* **Directions for this task**
Pictures aside, write out the data exactly as it reads.

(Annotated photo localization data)
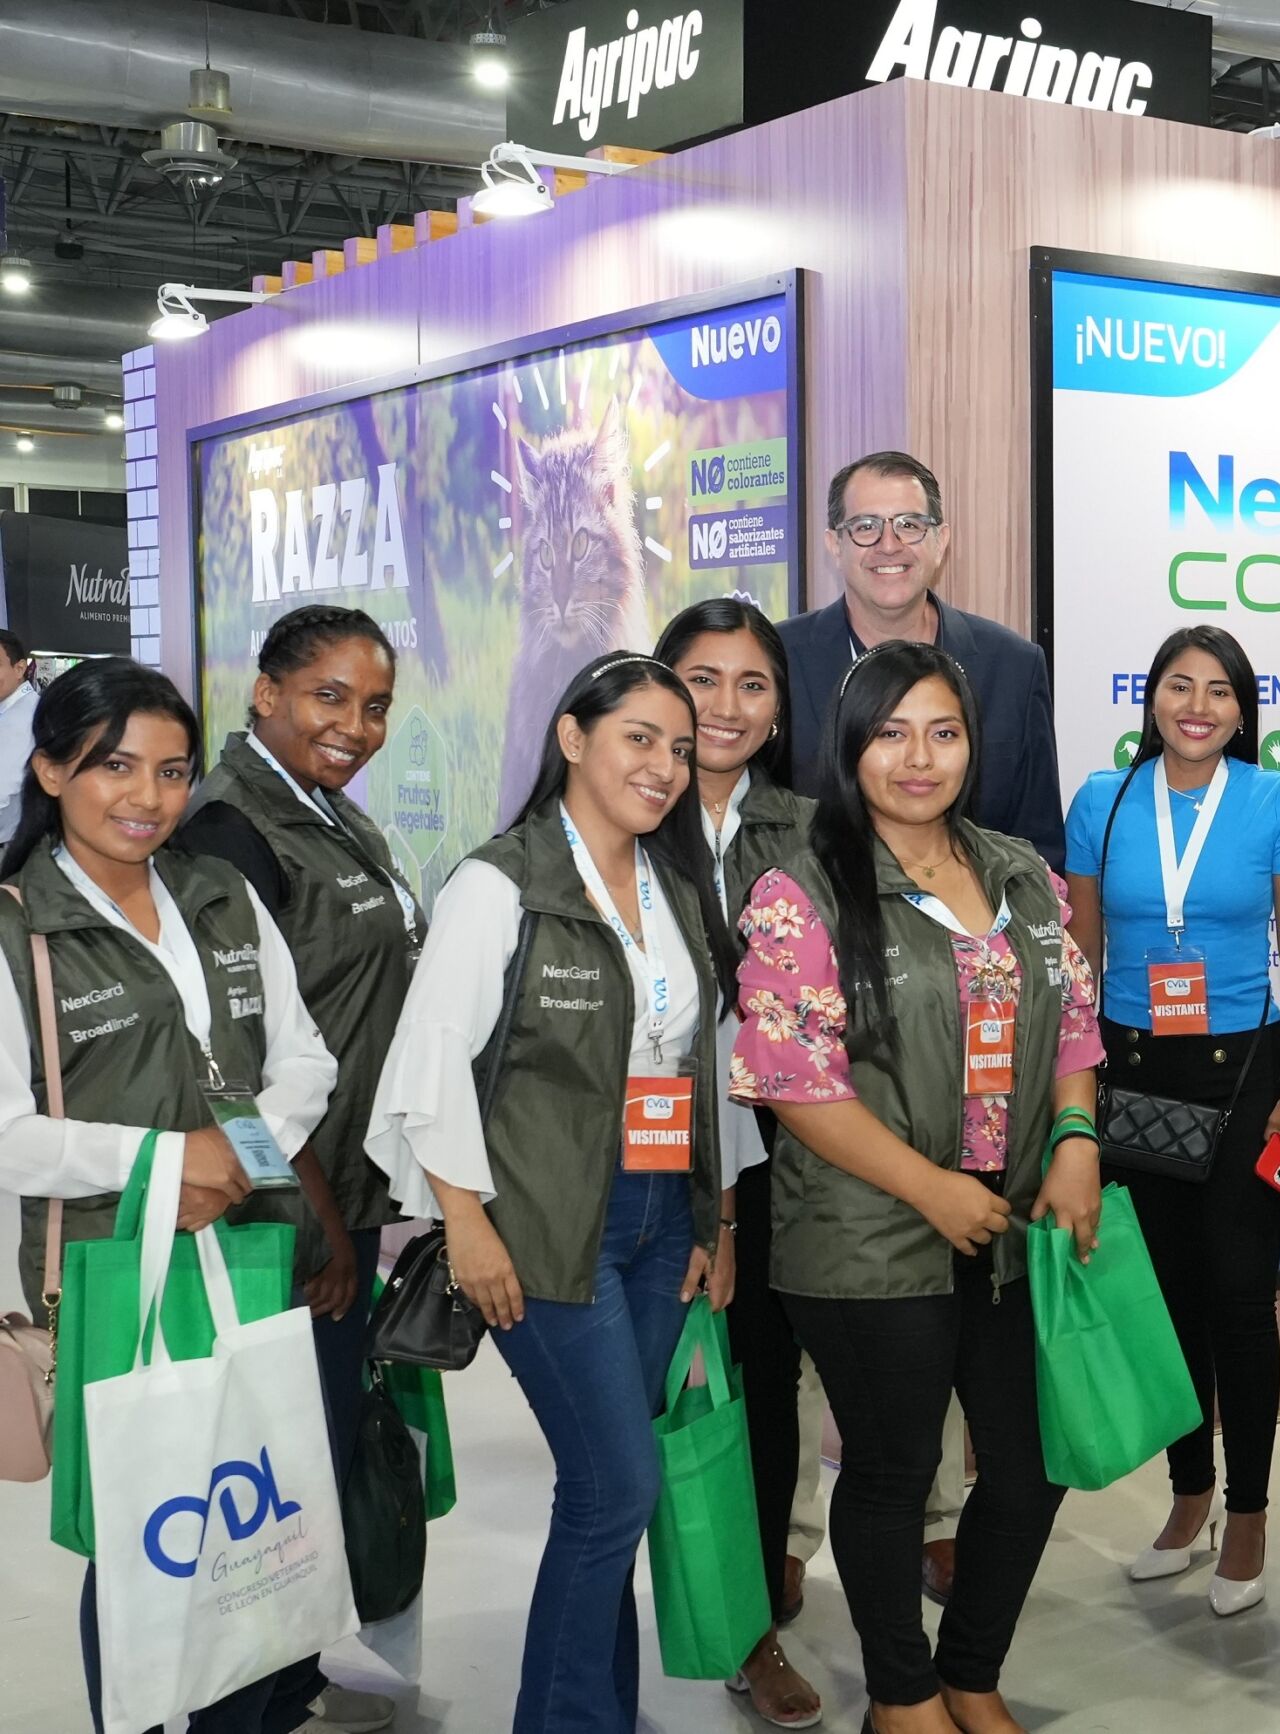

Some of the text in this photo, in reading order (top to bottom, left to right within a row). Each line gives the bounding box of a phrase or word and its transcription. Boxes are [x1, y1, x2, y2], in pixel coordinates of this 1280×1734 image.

[865, 0, 1153, 117] Agripac
[552, 9, 703, 142] Agripac
[691, 315, 781, 368] Nuevo
[1076, 315, 1226, 369] ¡NUEVO!
[727, 453, 771, 472] contiene
[727, 470, 785, 490] colorantes
[728, 514, 763, 529] contiene
[249, 462, 410, 602] RAZZA
[729, 527, 784, 544] saborizantes
[729, 543, 776, 559] artificiales
[80, 610, 111, 622] ALIMENTO
[433, 789, 440, 812] y
[395, 811, 445, 835] vegetales
[542, 964, 600, 981] NexGard
[1167, 979, 1188, 988] CVDL
[60, 982, 125, 1013] NexGard
[1154, 1003, 1206, 1017] VISITANTE
[970, 1053, 1012, 1070] VISITANTE
[628, 1130, 689, 1145] VISITANTE
[217, 1576, 269, 1605] CONGRESO
[219, 1604, 233, 1615] DE
[260, 1586, 273, 1599] EN
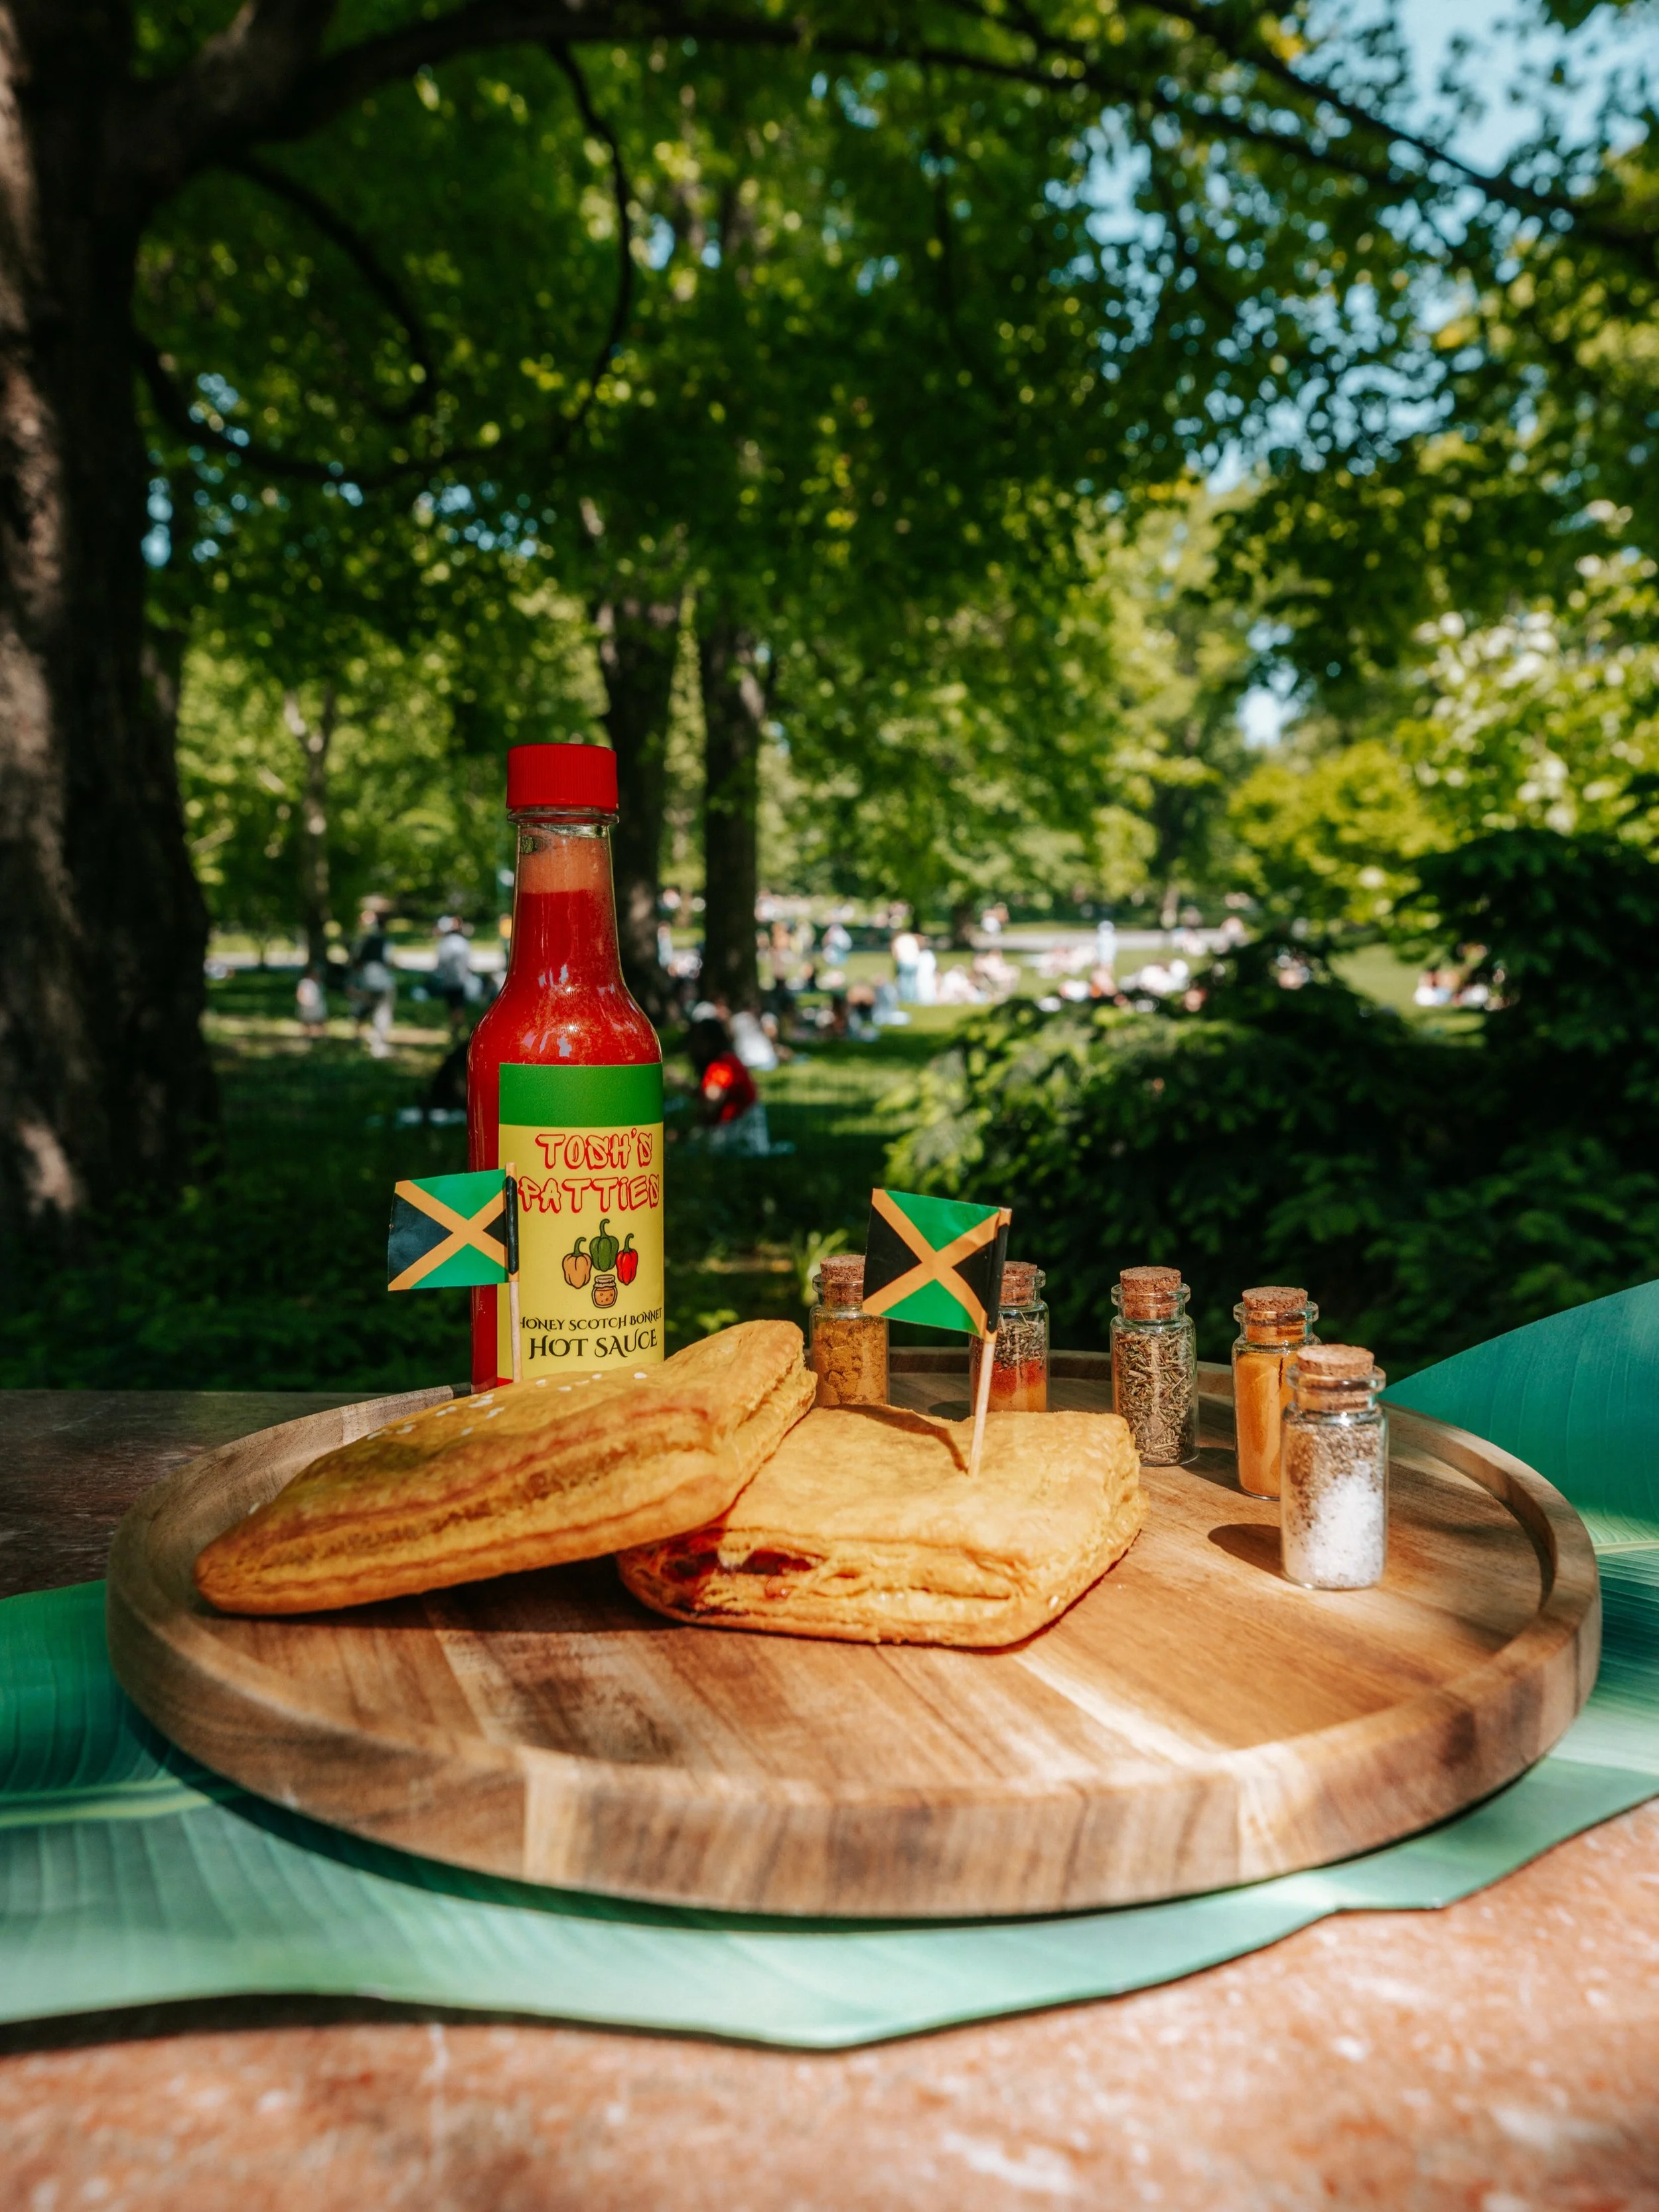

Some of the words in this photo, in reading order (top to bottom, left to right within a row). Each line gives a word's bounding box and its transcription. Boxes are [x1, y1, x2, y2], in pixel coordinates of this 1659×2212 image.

[535, 1128, 653, 1170] TOSH'S
[568, 1314, 627, 1331] SCOTCH
[629, 1307, 662, 1326] BONNET
[528, 1335, 589, 1360] HOT
[594, 1328, 658, 1358] SAUCE
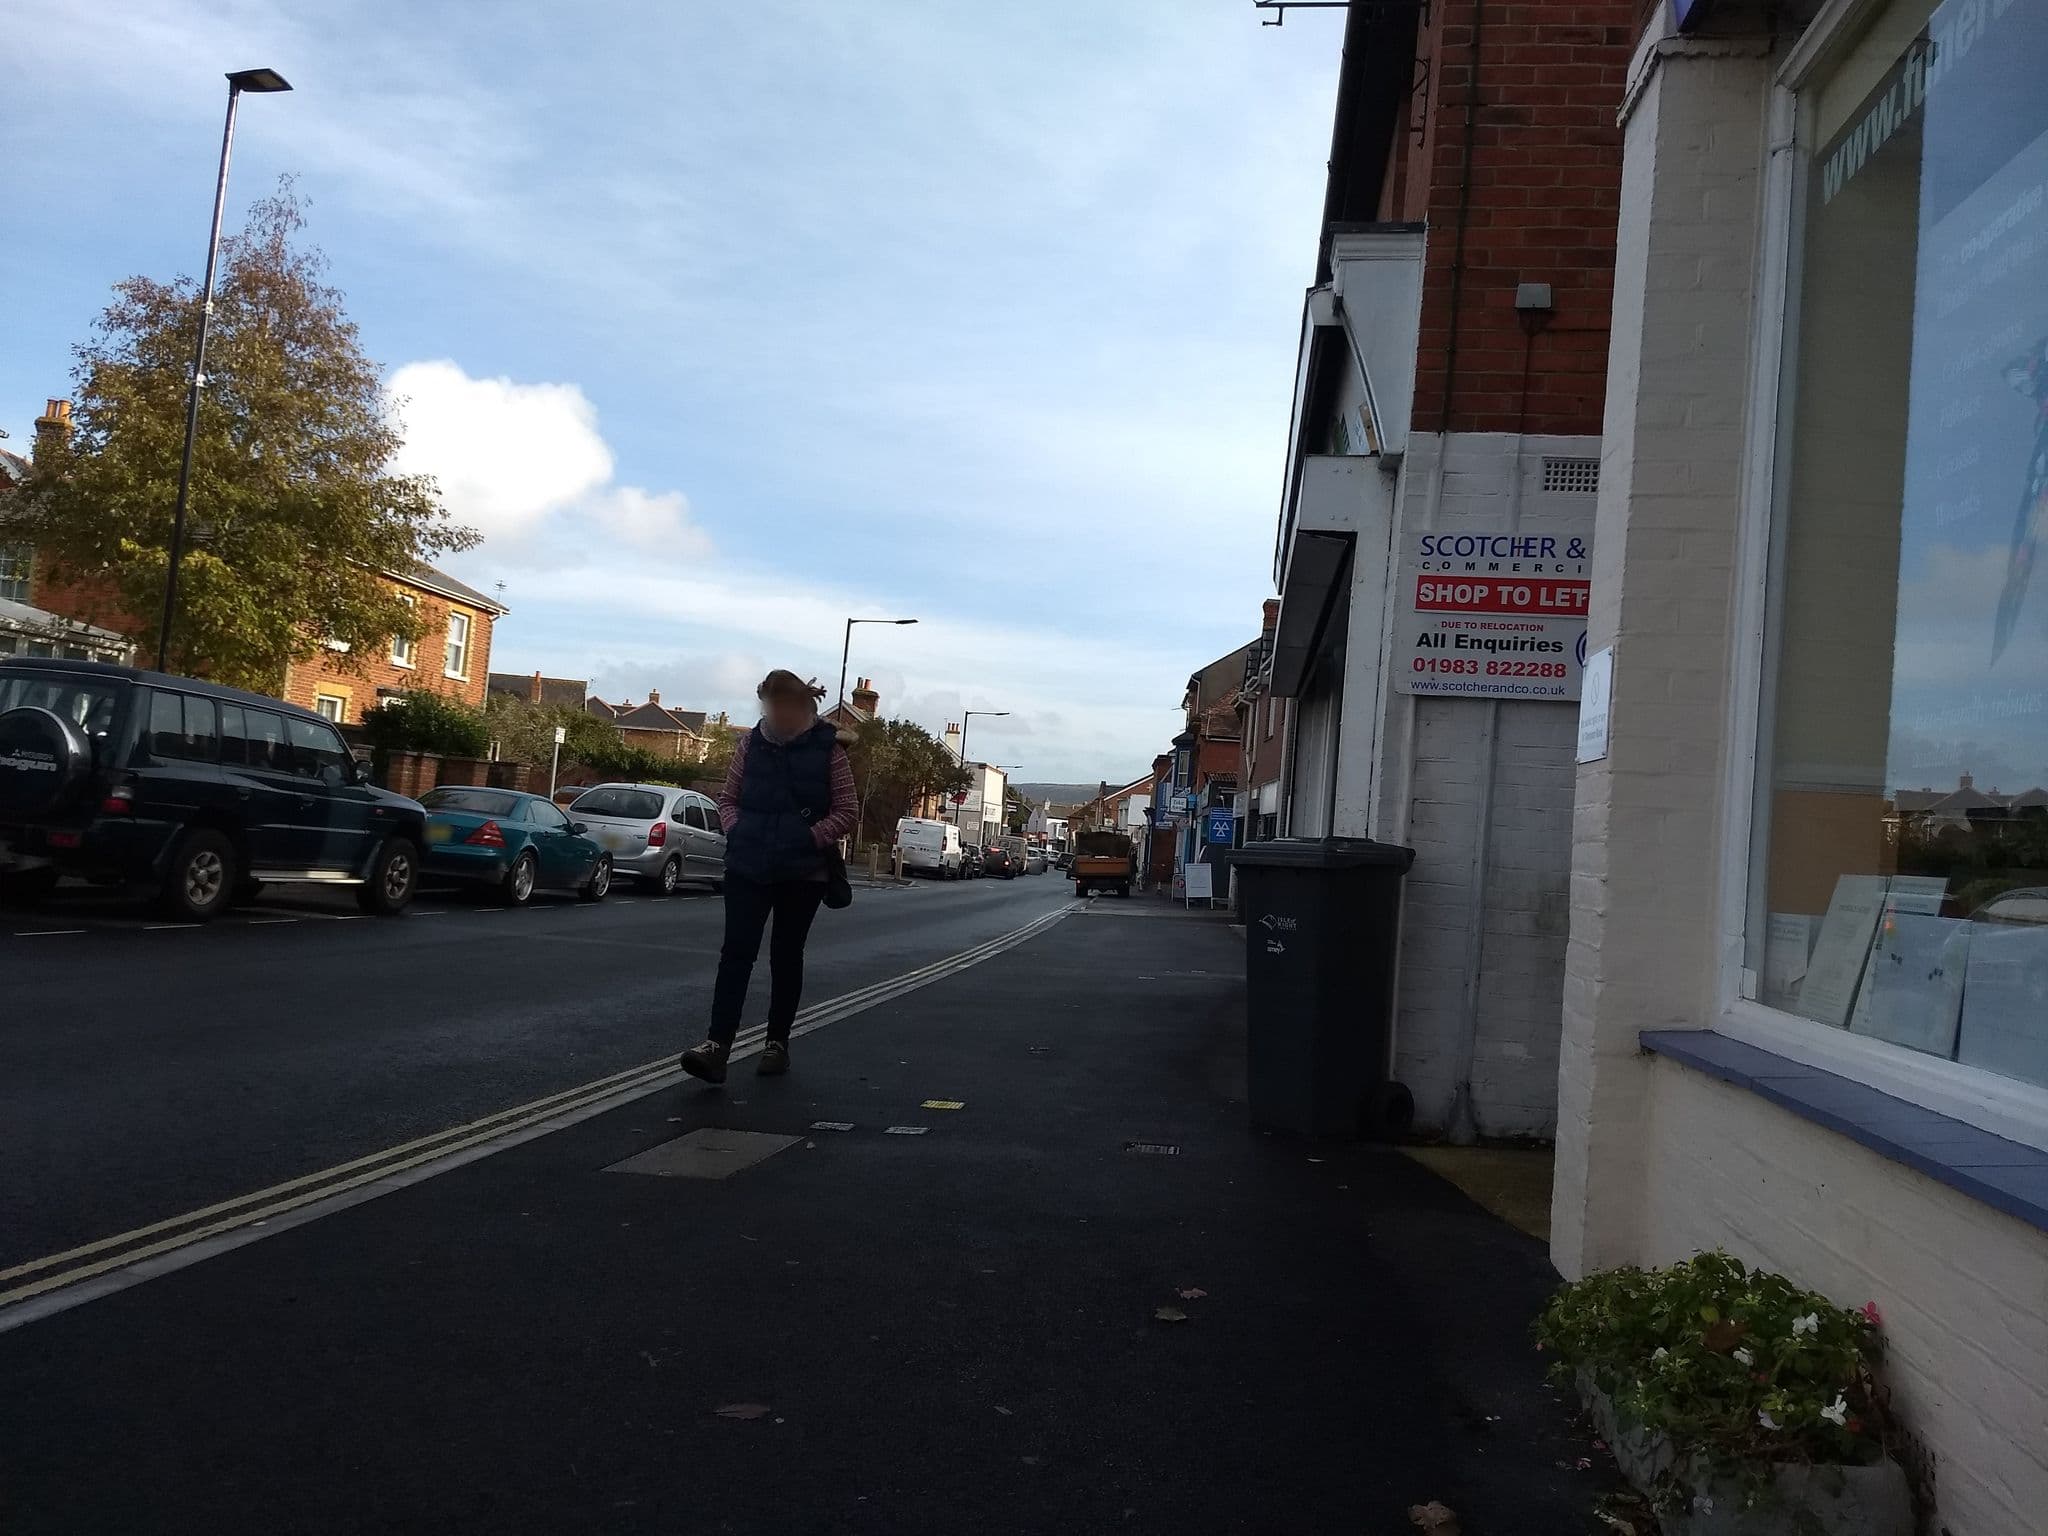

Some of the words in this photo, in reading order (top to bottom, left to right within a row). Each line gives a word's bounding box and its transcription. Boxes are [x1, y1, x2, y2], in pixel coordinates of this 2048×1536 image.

* **Task response**
Some of the text in this photo, in reading order (top to bottom, left to right within a row). Each line gives the bounding box of a phrase or word and its transcription. Boxes are [x1, y1, x2, y2], in pixel coordinates of this 1280×1734 image.

[865, 0, 1153, 117] Agripac
[552, 9, 703, 142] Agripac
[691, 315, 781, 368] Nuevo
[1076, 315, 1226, 369] ¡NUEVO!
[727, 453, 771, 472] contiene
[727, 470, 785, 490] colorantes
[728, 514, 763, 529] contiene
[249, 462, 410, 602] RAZZA
[729, 527, 784, 544] saborizantes
[729, 543, 776, 559] artificiales
[80, 610, 111, 622] ALIMENTO
[433, 789, 440, 812] y
[395, 811, 445, 835] vegetales
[542, 964, 600, 981] NexGard
[1167, 979, 1188, 988] CVDL
[60, 982, 125, 1013] NexGard
[1154, 1003, 1206, 1017] VISITANTE
[970, 1053, 1012, 1070] VISITANTE
[628, 1130, 689, 1145] VISITANTE
[217, 1576, 269, 1605] CONGRESO
[219, 1604, 233, 1615] DE
[260, 1586, 273, 1599] EN

Some of the words in this photo, in reading order (top to bottom, left to right within a row). Each line gives a word's bounding box and its transcription. Boxes are [x1, y1, x2, y2], in pixel coordinates of this 1659×2212 image.

[535, 1128, 653, 1170] TOSH'S
[568, 1314, 627, 1331] SCOTCH
[629, 1307, 662, 1326] BONNET
[528, 1335, 589, 1360] HOT
[594, 1328, 658, 1358] SAUCE

Some of the words in this photo, in reading order (top to bottom, left to right within a row). Each line gives a word's bounding box and its transcription. Boxes are [x1, y1, x2, y2], in pixel coordinates of this 2048×1536 image.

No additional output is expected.